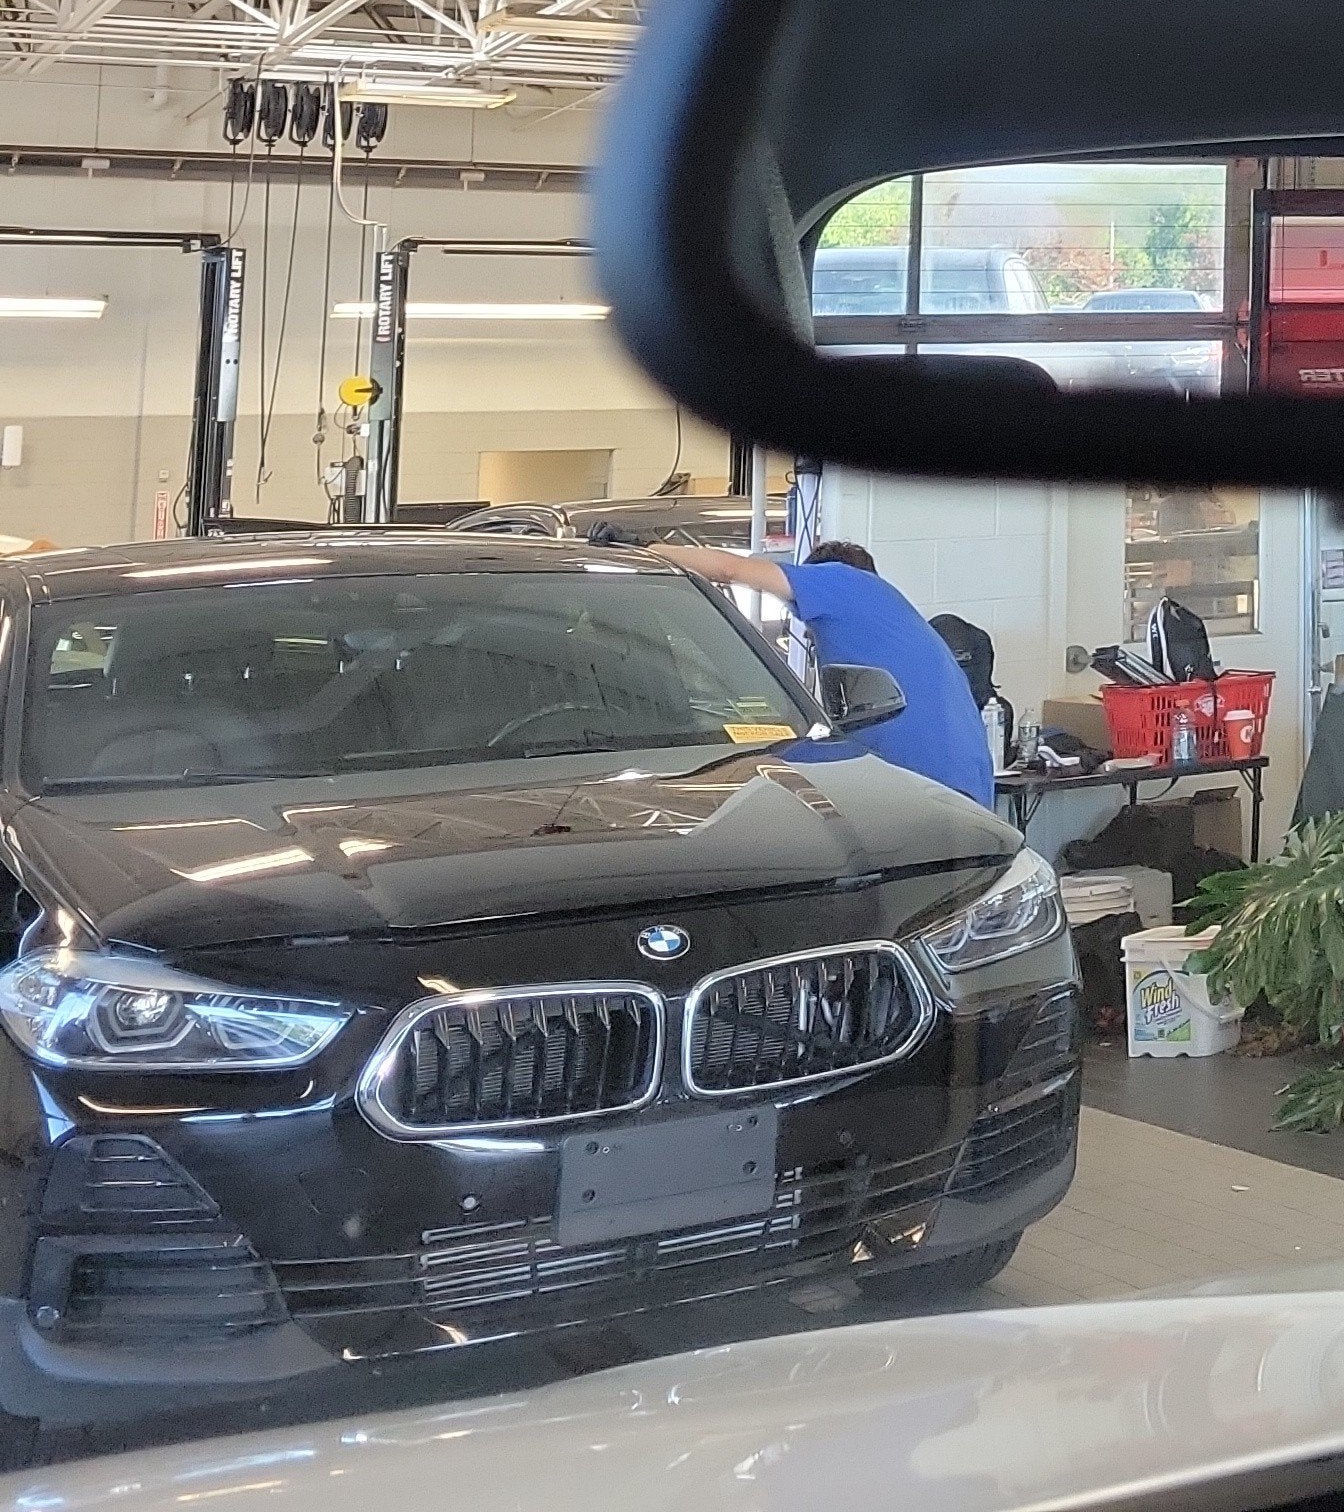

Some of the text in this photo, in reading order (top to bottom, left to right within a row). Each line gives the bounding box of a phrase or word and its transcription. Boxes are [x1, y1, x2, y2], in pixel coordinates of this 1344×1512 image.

[231, 249, 244, 278] LIFT
[377, 252, 395, 335] ROTARY LIFT
[1140, 976, 1174, 1010] Wind
[1143, 989, 1181, 1026] Fresh

= = = =

__What is required__: The output must match the records word for word, except that no pictures appear.

__Reply to the exercise__:
Some of the text in this photo, in reading order (top to bottom, left to right within a row). Each line gives the bounding box of a phrase or word and its transcription. Boxes are [x1, y1, x2, y2], in pixel coordinates of this 1344×1512 image.

[231, 249, 244, 278] LIFT
[377, 252, 395, 335] ROTARY LIFT
[1140, 976, 1174, 1010] Wind
[1143, 989, 1181, 1026] Fresh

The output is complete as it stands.